The Australien Coat of Harms was created as the backdrop to the fictitious Department of Genuine Satire for the Honest Government Adverts. There are a number of notable differences between the fictitious Coat of Harms and the Commonwealth Coat of Arms that it lampoons, including a stylised alien head replacing the Commonwealth star, the heads of the emu and kangaroo being replaced with surveillance cameras, the six state emblems on the shield have been replaced with a square-rigged sailing ship, as well as the addition of the words "Not the Real Logo".

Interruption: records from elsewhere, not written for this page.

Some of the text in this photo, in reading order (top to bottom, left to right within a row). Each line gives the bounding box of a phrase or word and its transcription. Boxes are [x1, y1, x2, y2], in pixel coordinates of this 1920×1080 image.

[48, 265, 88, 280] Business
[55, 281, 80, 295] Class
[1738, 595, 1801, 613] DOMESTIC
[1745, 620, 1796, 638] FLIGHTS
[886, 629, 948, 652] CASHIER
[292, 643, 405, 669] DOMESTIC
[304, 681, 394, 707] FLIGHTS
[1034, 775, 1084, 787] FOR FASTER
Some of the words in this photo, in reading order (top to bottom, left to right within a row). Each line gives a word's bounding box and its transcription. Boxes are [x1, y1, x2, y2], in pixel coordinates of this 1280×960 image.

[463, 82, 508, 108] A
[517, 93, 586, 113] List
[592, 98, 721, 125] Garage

In September 2017, TJM received an e-mail from the Australian National Symbols Officer requesting that the use of the satirical logo no longer be used as they had received complaints from the members of the public about the logo. Five days later a Bill was proposed to Australian parliament to amend the Criminal Code Act 1995, with the intention of introducing "new offences for a person recklessly or intentionally representing themselves to be, or to be acting on behalf of, or with the authority of, a Commonwealth entity or service".

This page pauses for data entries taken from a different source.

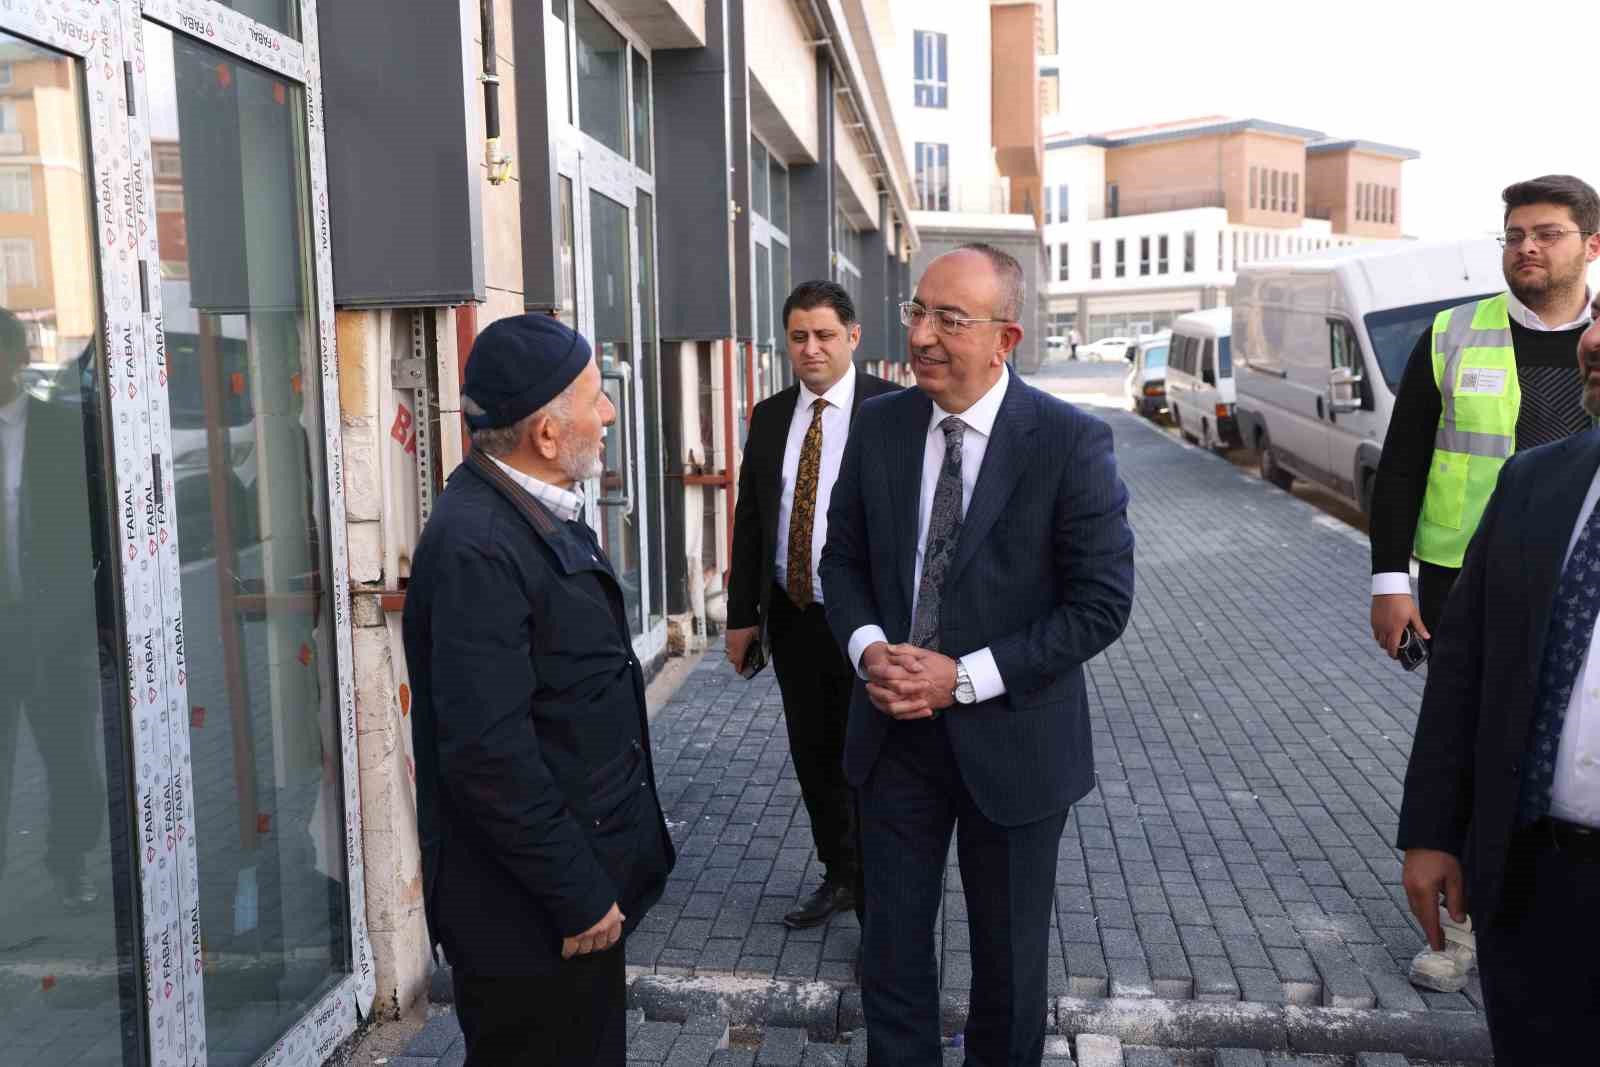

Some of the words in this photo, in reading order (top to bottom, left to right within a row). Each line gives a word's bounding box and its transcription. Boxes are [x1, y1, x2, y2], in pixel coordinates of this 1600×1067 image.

[176, 11, 204, 34] FABAL
[249, 26, 272, 49] FABAL
[101, 168, 113, 225] FABAL
[123, 173, 134, 228] FABAL
[133, 160, 144, 216] FABAL
[123, 320, 135, 378] FABAL
[155, 313, 165, 366] FABAL
[124, 482, 135, 540] FABAL
[145, 481, 155, 536] FABAL
[144, 629, 154, 684] FABAL
[174, 611, 184, 666] FABAL
[144, 786, 153, 843] FABAL
[163, 777, 173, 833] FABAL
[174, 768, 183, 821] FABAL
[162, 924, 170, 979] FABAL
[192, 901, 200, 956] FABAL

The case for the amendments to the Bill was presented in the Senate by the Attorney-General of Australia, George Brandis. There were a number of public submissions to the Senate Legal and Constitutional Affairs Committee overseeing the proposed amendments. Among the submissions were pieces from Australian Lawyers for Human Rights and Electronic Frontiers Australia, both of which expressed concerns about the Bill regarding freedom of speech, the lack of safeguards, and ambiguous wording in the Bill which could result in legal action being taken against critics and satirists. This was a sentiment echoed by Greens MP Adam Bandt in a speech to parliament in which he addressed the topics of freedom of speech and the rights to "mercilessly troll government". Senator Nick McKim stated "Where does this leave satire in Australia? Does it mean that figures such as Shaun Micallef, The Juice Media and The Chaser team, as well as upcoming comedians, will have to think twice before they crack jokes lest they find themselves on the stand or in the slammer?". McKim also commented that as Australian common law has never dealt with defining satire, those producing it "will be in the dark as to the potential limits of their jokes until a body of common law has been established".

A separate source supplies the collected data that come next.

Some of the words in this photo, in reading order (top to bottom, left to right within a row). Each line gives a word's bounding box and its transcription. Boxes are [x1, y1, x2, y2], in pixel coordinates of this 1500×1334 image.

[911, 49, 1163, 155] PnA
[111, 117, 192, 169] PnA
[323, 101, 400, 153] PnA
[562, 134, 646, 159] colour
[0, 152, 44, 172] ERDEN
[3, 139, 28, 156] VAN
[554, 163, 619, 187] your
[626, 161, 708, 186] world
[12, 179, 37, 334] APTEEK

On 21 June 2018, the Criminal Code Amendment (Impersonating a Commonwealth Body) Bill 2017 was passed by both Houses and moved into law. Those found to be in breach of the new amendment could face 2–5 years' imprisonment. Videos since then have been labeled "Genuine Satire", in reference to the text of the law granting an exemption for such.

== Juice Rap News ==

The Juice Media created Juice Rap News, a satirical news show on YouTube consisting of a rapped "news report" with social commentary using comical rap lyrics. The series ran from 2009 until 2015. Additionally, episodes were licensed to be broadcast on Russian State Broadcaster RT.